Rapidement, des dépêches diffusent cette information. Pourtant le lendemain, les photographies et les témoignages directs ne se trouvent pas encore dans les journaux nationaux, mais sur les forums Internet, directement postés par les témoins du drame. Un certain nombre de détails troublants y sont révélés : deux bateaux de pêcheurs se trouvant à une vingtaine de mètres n’ont pas bougé ; des pêcheurs ont exigé 10 000 Rmb pour chaque corps à repêcher. Insensibles aux promesses, suppliques et pleurs, ils n’ont remis les cadavres attrapés dans leurs filets qu’après que les étudiants et leurs professeurs sont parvenus à réunir la somme.
La puissance d’Internet se mesure instantanément. Dès le lendemain, ces pêcheurs sont partout accueillis par les insultes, soufflets et cailloux de la Némésis populaire. Et ce n’est qu’un temps en retard que les médias traditionnels se font l’écho de ces témoignages.
Néanmoins, les journalistes d’investigation apportent bientôt une valeur ajoutée aux articles des meilleurs titres de la presse écrite. D’abord, ils donnent la parole à chacun, étudiants, nageurs, parents des victimes, pêcheurs, autorités et simples témoins. Ensuite, ils vérifient les accusations de pratiques mafieuses prêtées aux pêcheurs, et mettent à nu à la fois les agissement douteux d’une entreprise très lucrative ayant le monopole du repêchage des corps dans la circonscription et les carences des pouvoirs publics, démunis et sous-équipés.
Les éditorialistes quant à eux mettent en évidence le paradoxe du drame : les héros de la Chine d’aujourd’hui ne sont pas ceux auxquels on aurait pu s’attendre ; ce sont ces très jeunes étudiants impétueux et les quinquagénaires quelque peu ringards du petit groupe local des « nageurs d’hiver » qui ont réussi à sauver plusieurs vie ce jour-là.

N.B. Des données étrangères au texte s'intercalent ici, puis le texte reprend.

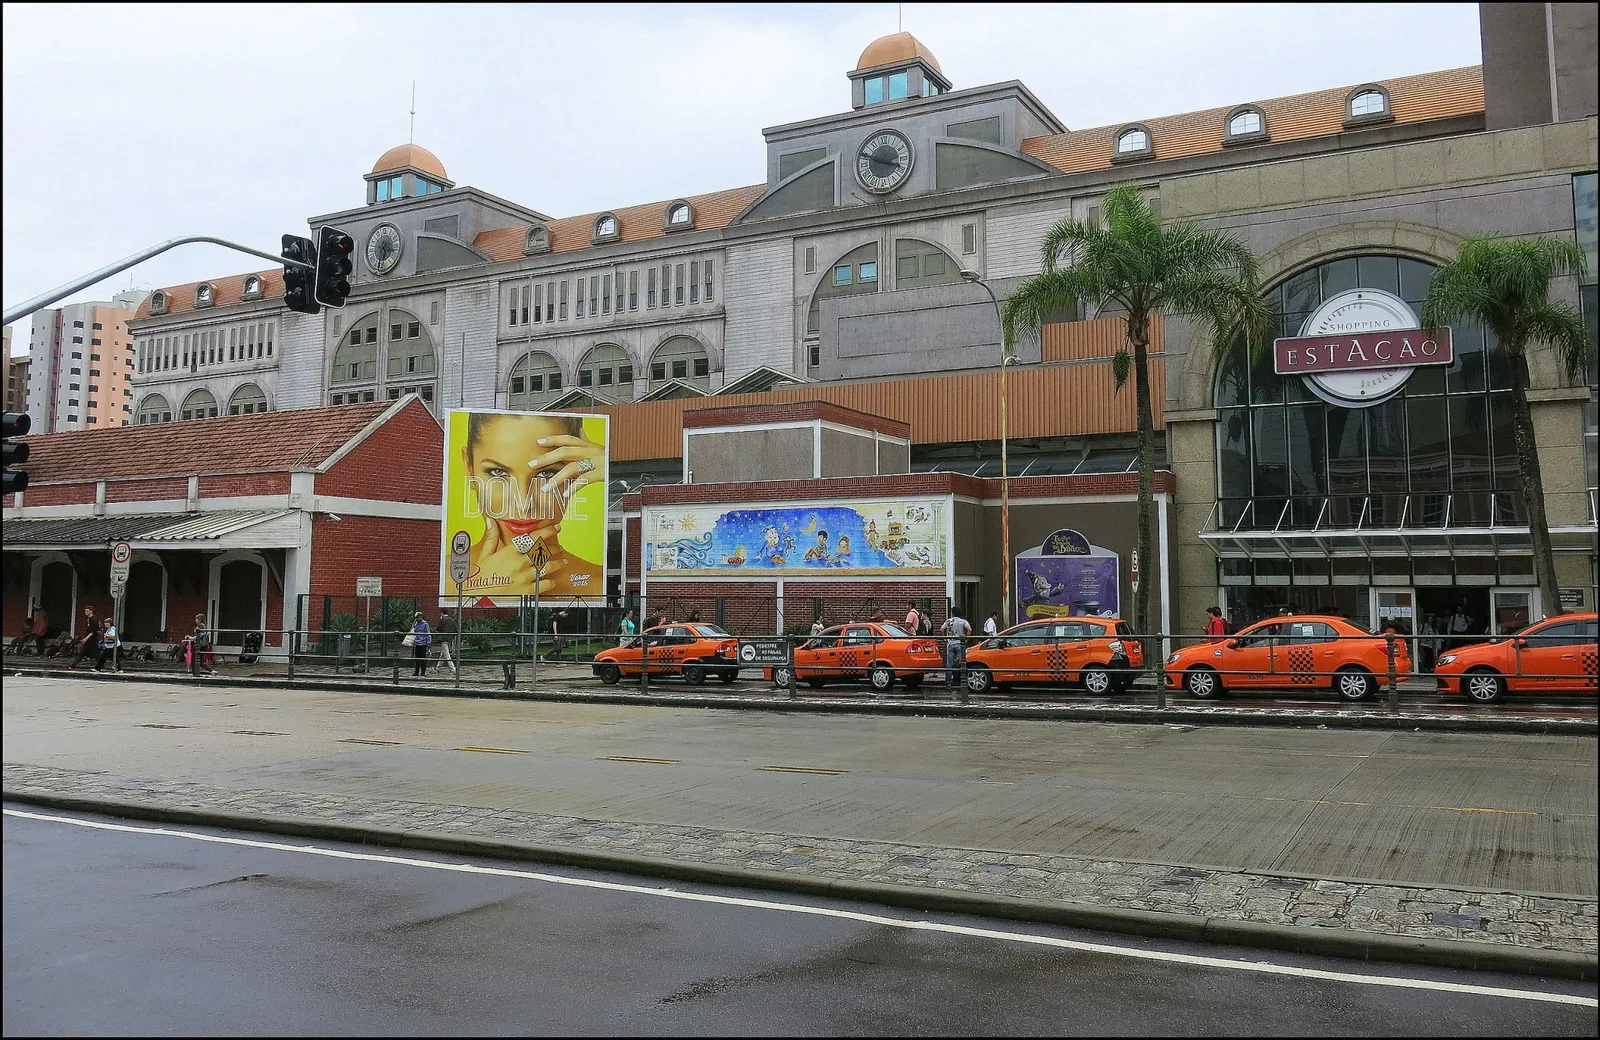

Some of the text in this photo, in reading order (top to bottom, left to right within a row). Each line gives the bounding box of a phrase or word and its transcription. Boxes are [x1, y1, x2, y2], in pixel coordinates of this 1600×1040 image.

[1329, 319, 1391, 332] SHOPPING
[1286, 337, 1438, 366] ESTAÇÃO
[463, 475, 589, 520] DOMINE

Il y a 30 ans, en 1979, Le sourire de l’homme tourmenté (《苦恼人的微笑》) sort sur les écrans chinois. Ce film courageux raconte l’histoire d’un journaliste à la fin de la Révolution Culturelle, dégoûté par les mensonges de la propagande, et qui décide d’aller chercher la vérité.
Le contexte politique a changé, la technologie aussi, mais son message est toujours d’actualité.